HOW TO COMPLETE THIS TASK
Copy every entry exactly, but skip the pictures.

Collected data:
=== Begin Enclosure ===

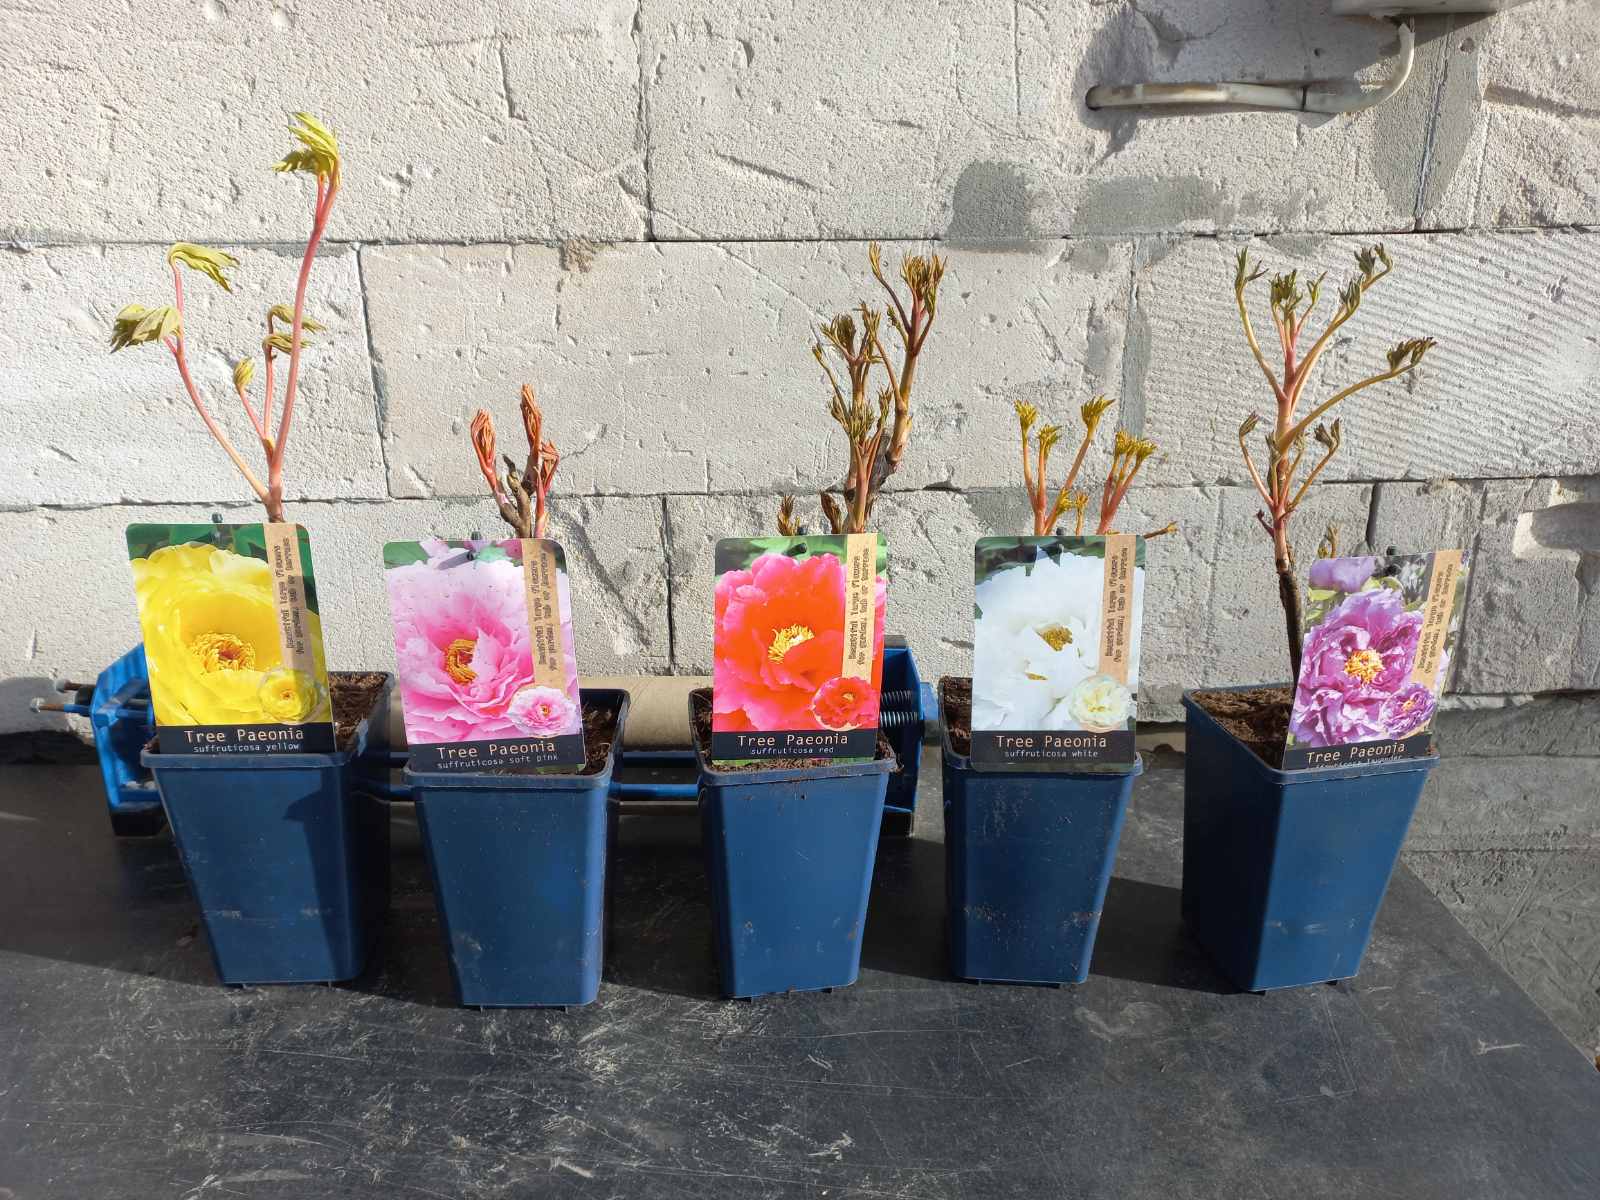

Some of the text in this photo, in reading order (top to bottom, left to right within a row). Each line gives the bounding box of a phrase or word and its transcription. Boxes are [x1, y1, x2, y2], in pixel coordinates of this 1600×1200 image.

[184, 728, 304, 744] Tree Paeonia
[738, 733, 848, 746] Tree Paeonia
[996, 735, 1107, 748] Tree Paeonia
[193, 743, 299, 753] suffruticosa yellow
[437, 741, 555, 760] Tree Paeonia
[1005, 750, 1099, 758] suffruticosa white
[1306, 742, 1405, 764] Tree Paeonia
[437, 754, 558, 769] suffruticosa soft pink
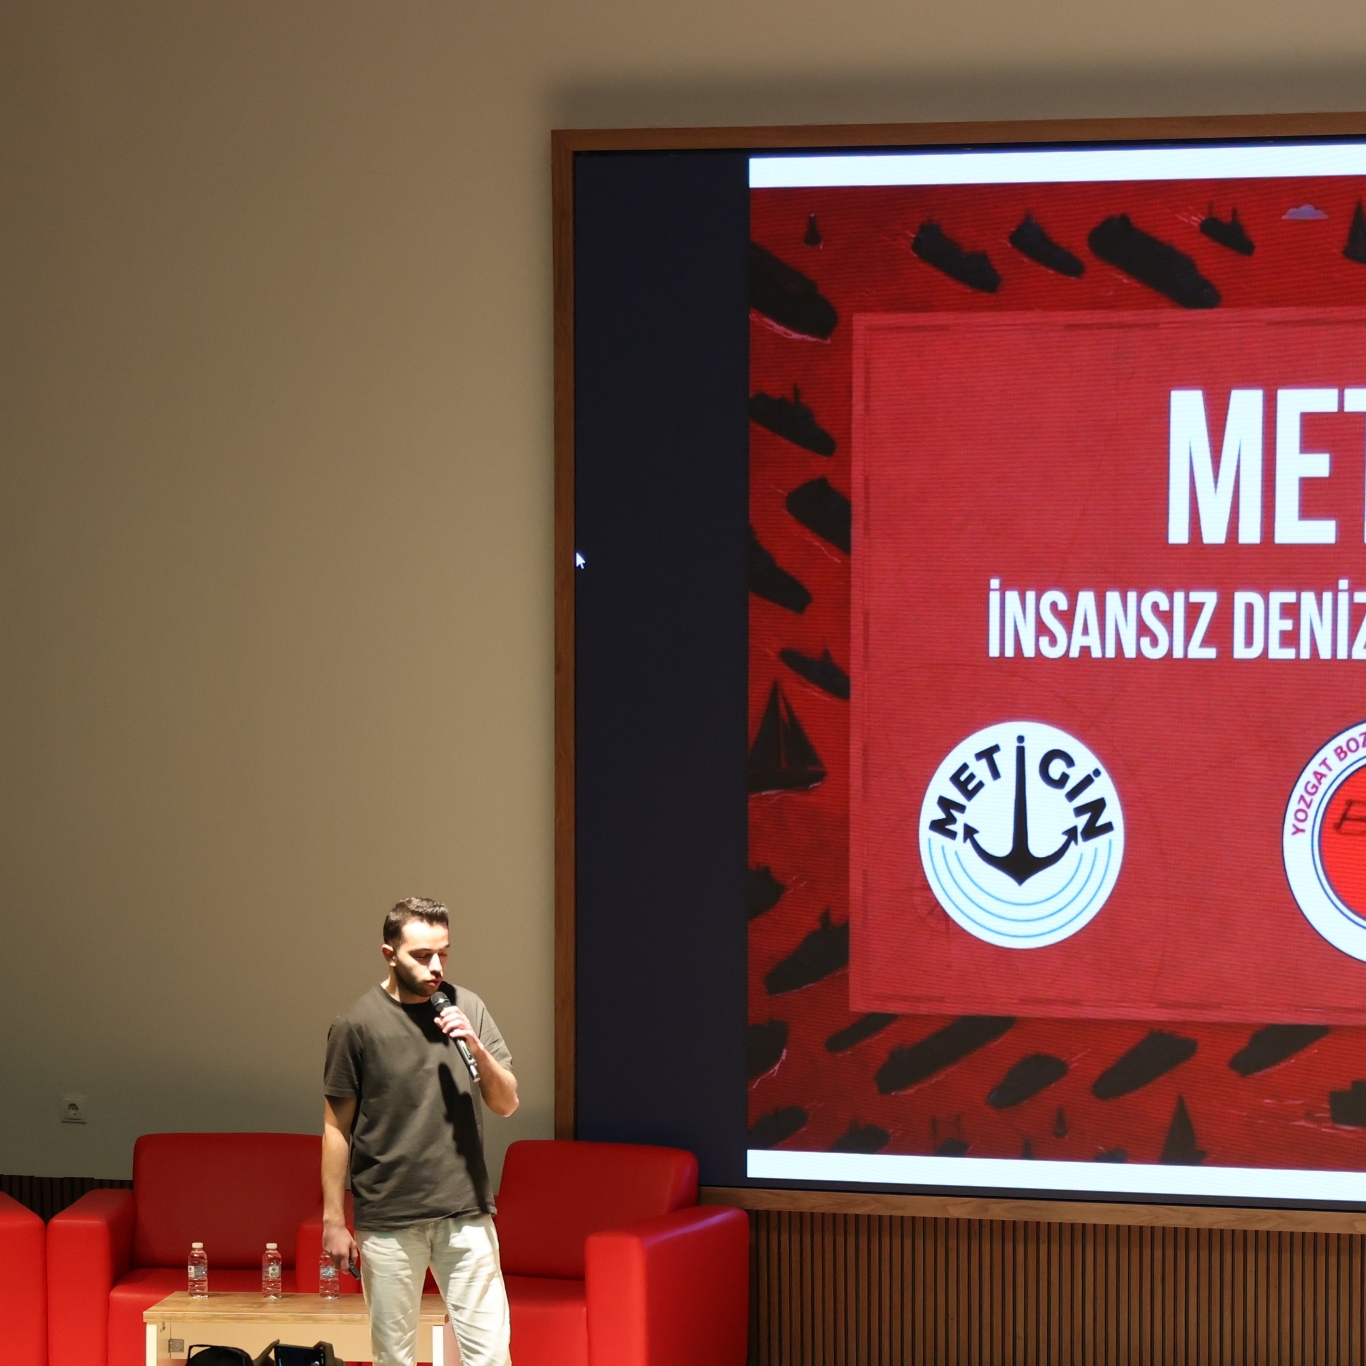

=== End Enclosure ===

WRITTEN SOLUTION
Some of the text in this photo, in reading order (top to bottom, left to right within a row). Each line gives the bounding box of a phrase or word and its transcription. Boxes are [x1, y1, x2, y2], in pixel coordinates of this 1600×1200 image.

[184, 728, 304, 744] Tree Paeonia
[738, 733, 848, 746] Tree Paeonia
[996, 735, 1107, 748] Tree Paeonia
[193, 743, 299, 753] suffruticosa yellow
[437, 741, 555, 760] Tree Paeonia
[1005, 750, 1099, 758] suffruticosa white
[1306, 742, 1405, 764] Tree Paeonia
[437, 754, 558, 769] suffruticosa soft pink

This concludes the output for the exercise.